Dataset excerpts:
☆ ☆ ☆ ☆
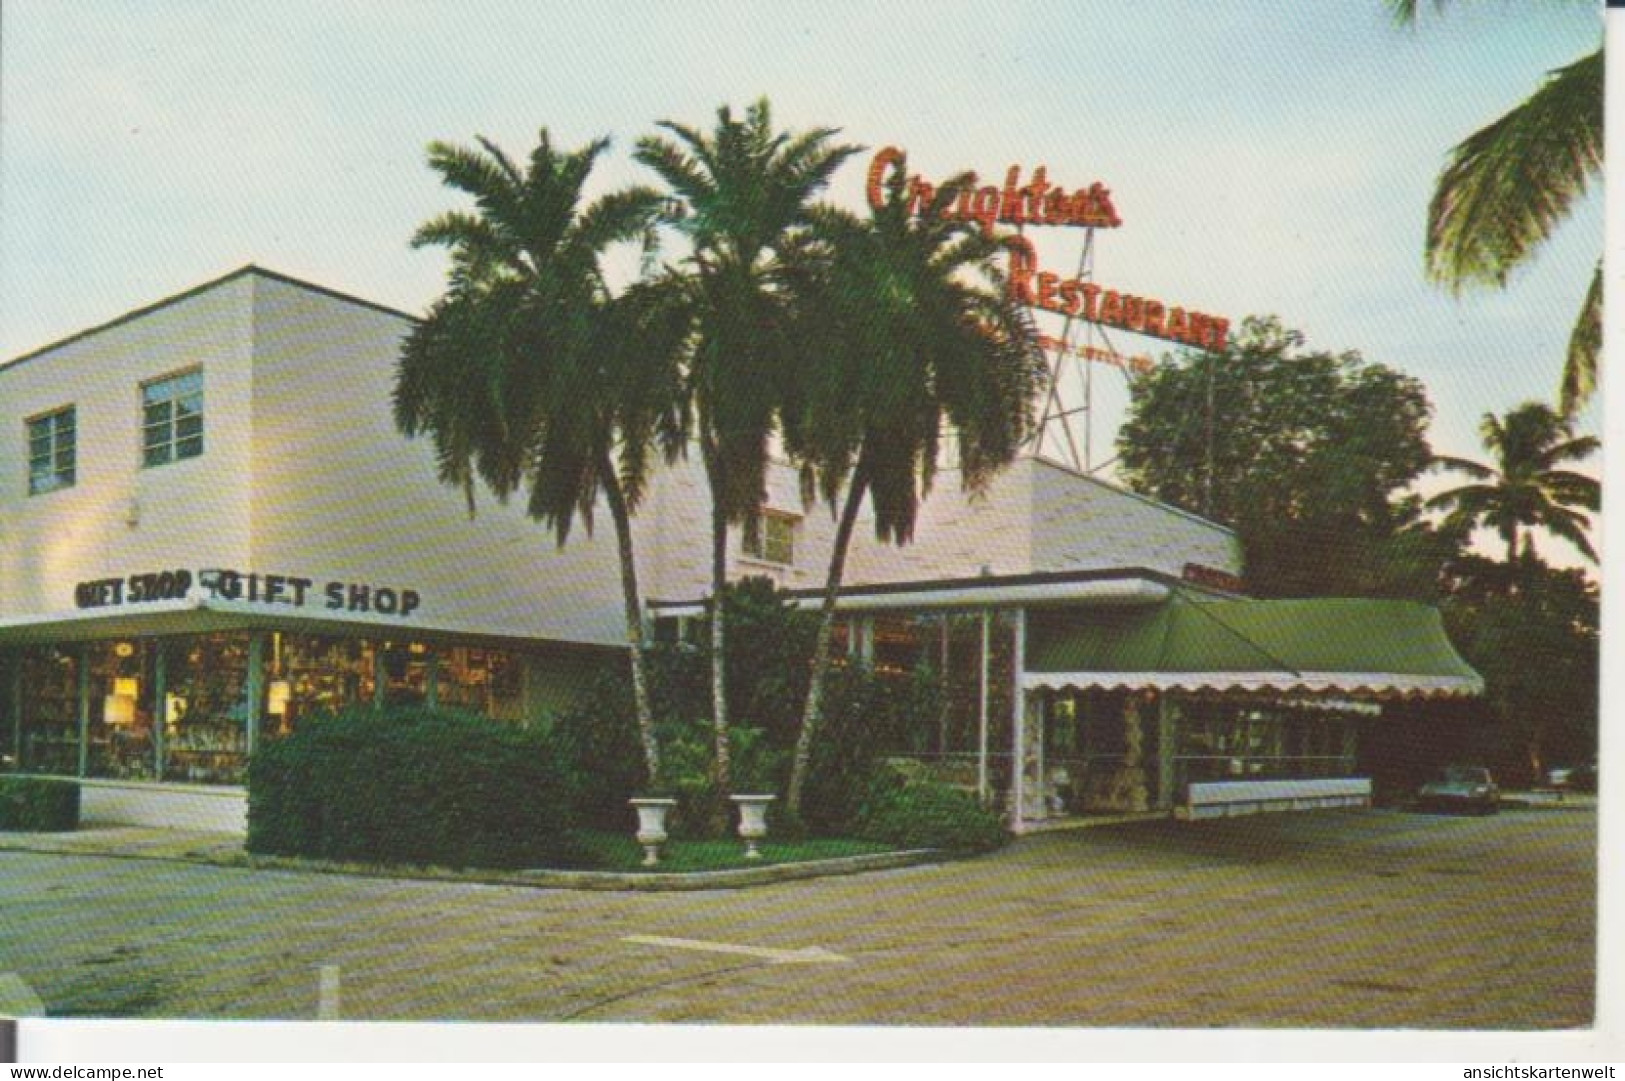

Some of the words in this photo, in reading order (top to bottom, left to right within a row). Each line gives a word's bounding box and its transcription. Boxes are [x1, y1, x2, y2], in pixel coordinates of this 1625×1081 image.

[866, 146, 1122, 239] Crighton's
[1001, 233, 1230, 352] RESTAURANT
[219, 569, 312, 606] GIFT
[325, 581, 420, 616] SHOP
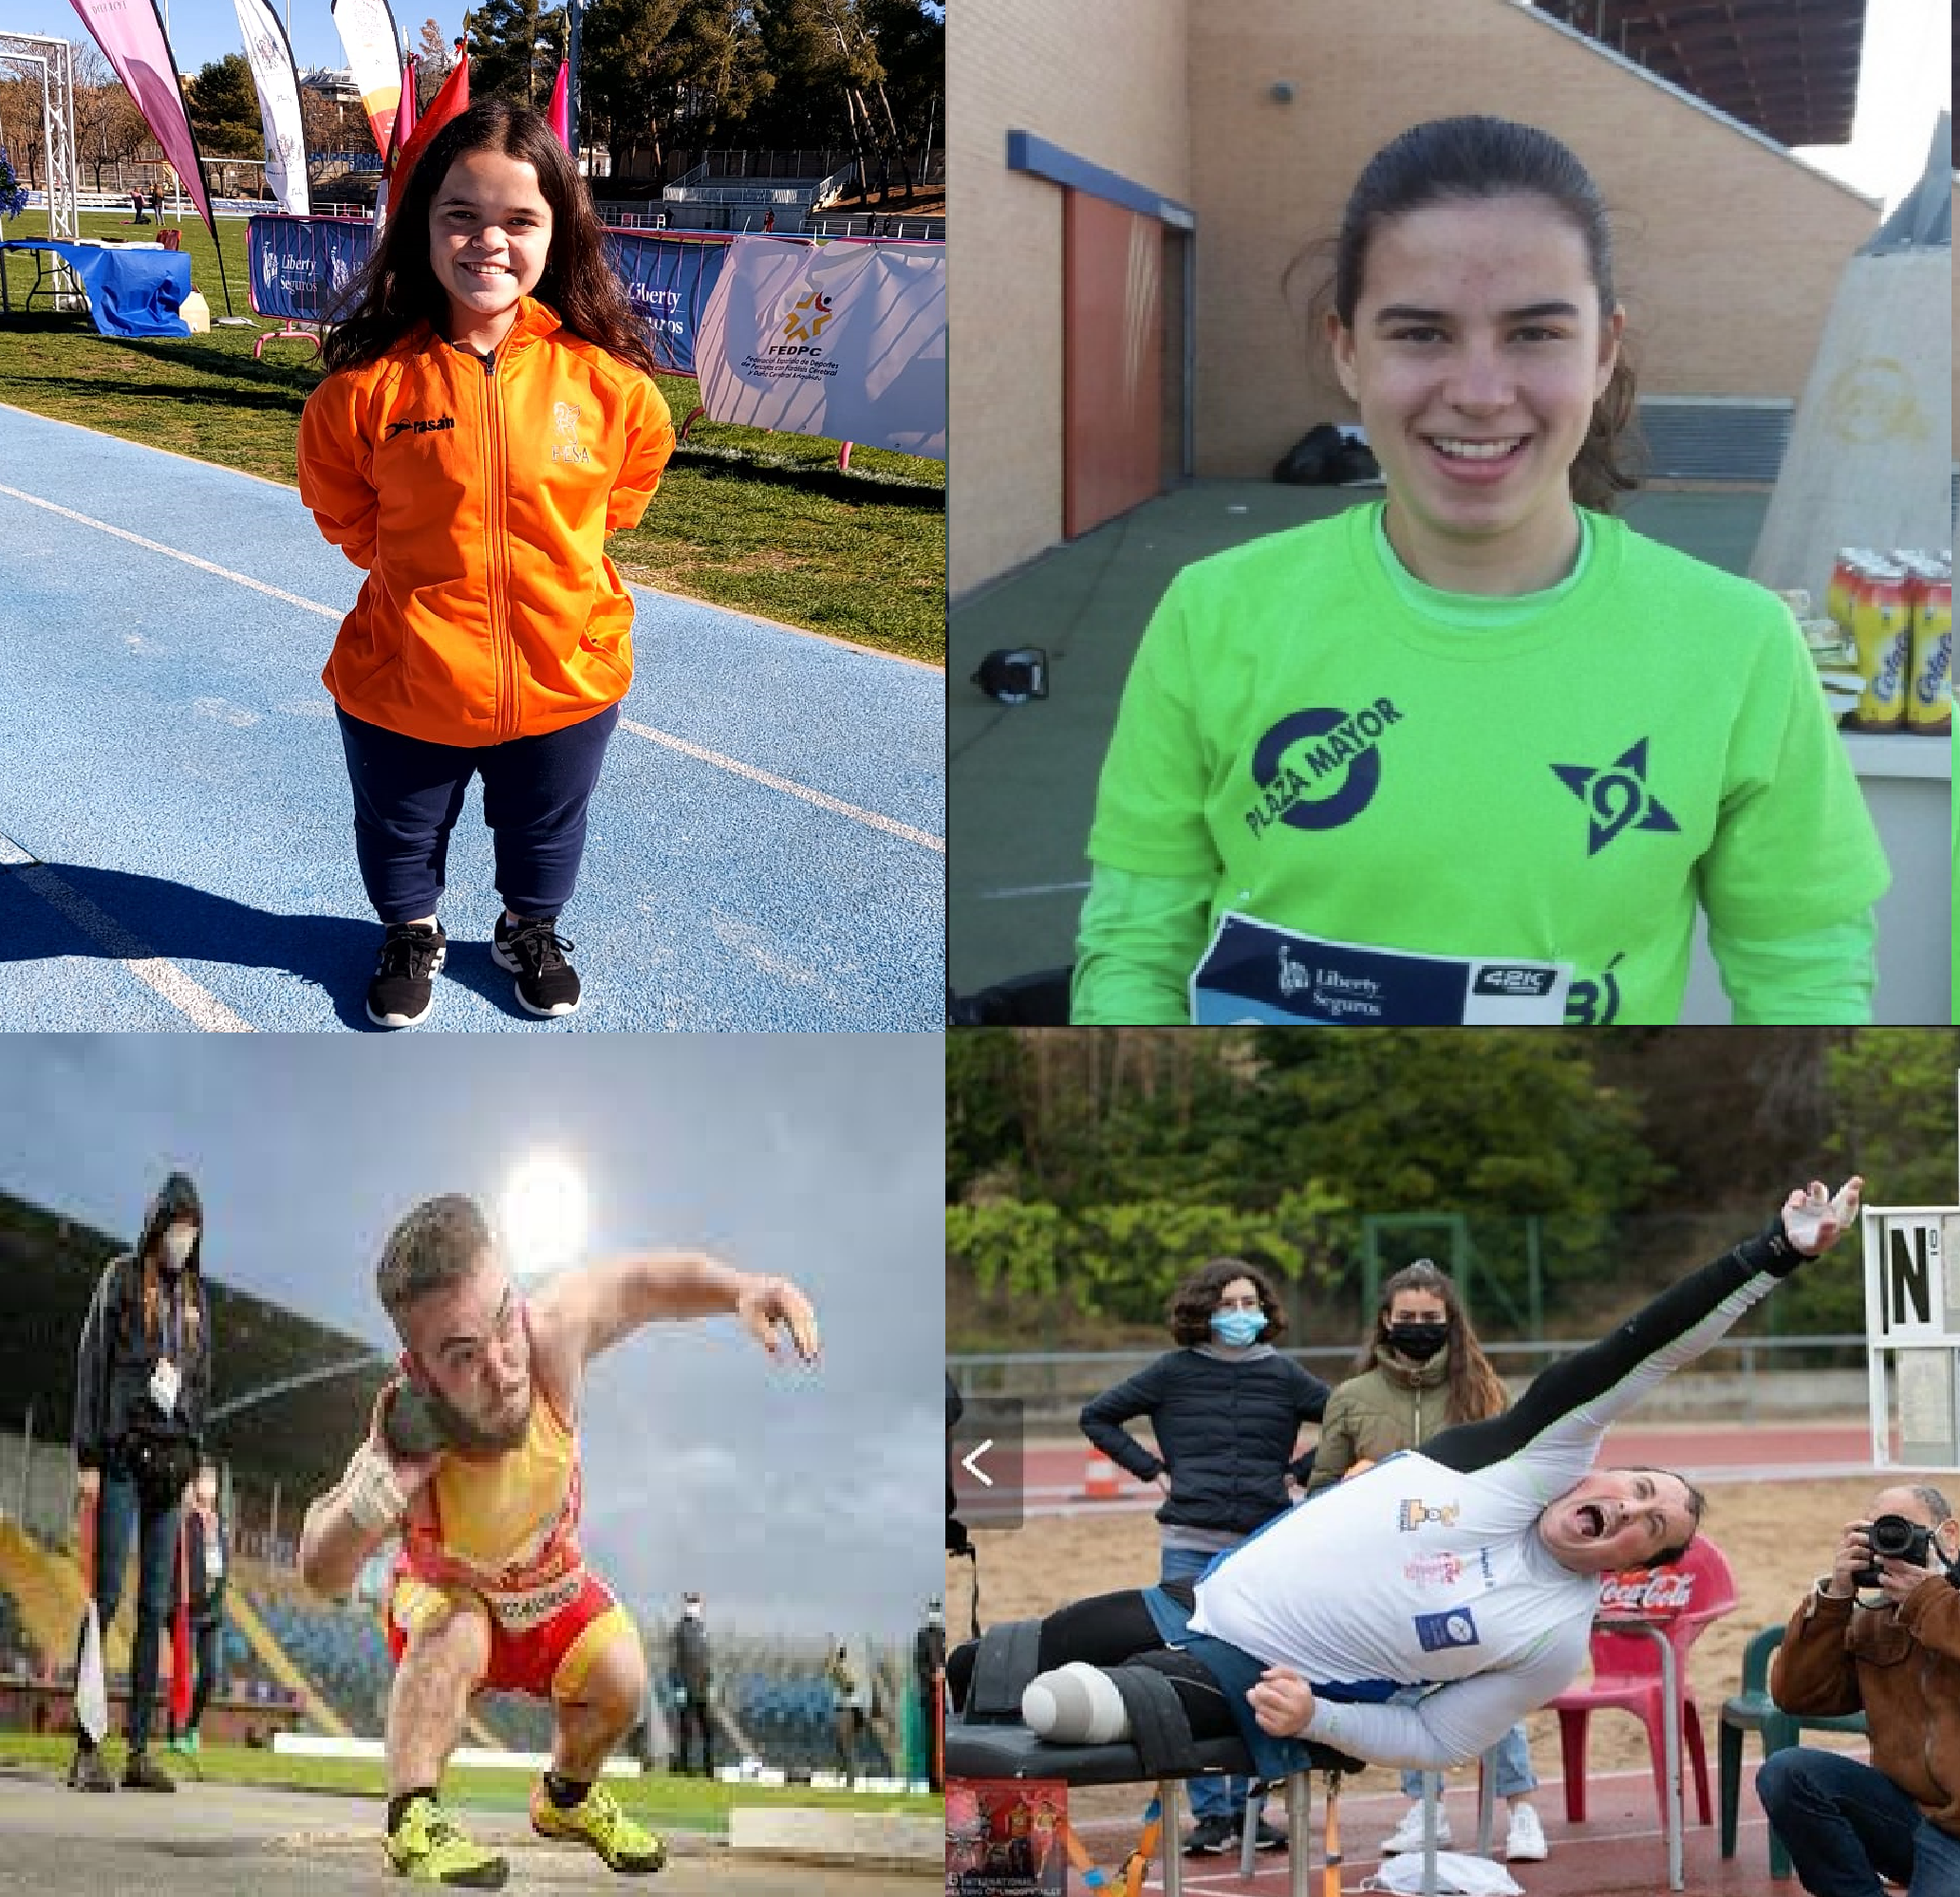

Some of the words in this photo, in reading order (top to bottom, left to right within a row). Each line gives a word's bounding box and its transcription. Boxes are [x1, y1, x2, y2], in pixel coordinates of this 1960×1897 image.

[281, 254, 317, 276] Liberty
[280, 274, 318, 295] Seguros
[768, 345, 822, 356] FEDPC
[809, 367, 837, 376] Cerebral
[810, 360, 839, 369] Deportes
[1244, 768, 1312, 842] PLAZA
[1303, 697, 1405, 778] MAYOR
[1316, 968, 1380, 998] Liberty
[1313, 991, 1382, 1016] Seguros
☆ ☆ ☆ ☆
• _Action item_: From the line containing "this 1960×1897 image." down to the final line of the data, write out every line exactly; both the first and last of these belong in your answer, and nothing else does.

• _Solution to this task_:
Some of the words in this photo, in reading order (top to bottom, left to right within a row). Each line gives a word's bounding box and its transcription. Boxes are [x1, y1, x2, y2], in pixel coordinates of this 1960×1897 image.

[281, 254, 317, 276] Liberty
[280, 274, 318, 295] Seguros
[768, 345, 822, 356] FEDPC
[809, 367, 837, 376] Cerebral
[810, 360, 839, 369] Deportes
[1244, 768, 1312, 842] PLAZA
[1303, 697, 1405, 778] MAYOR
[1316, 968, 1380, 998] Liberty
[1313, 991, 1382, 1016] Seguros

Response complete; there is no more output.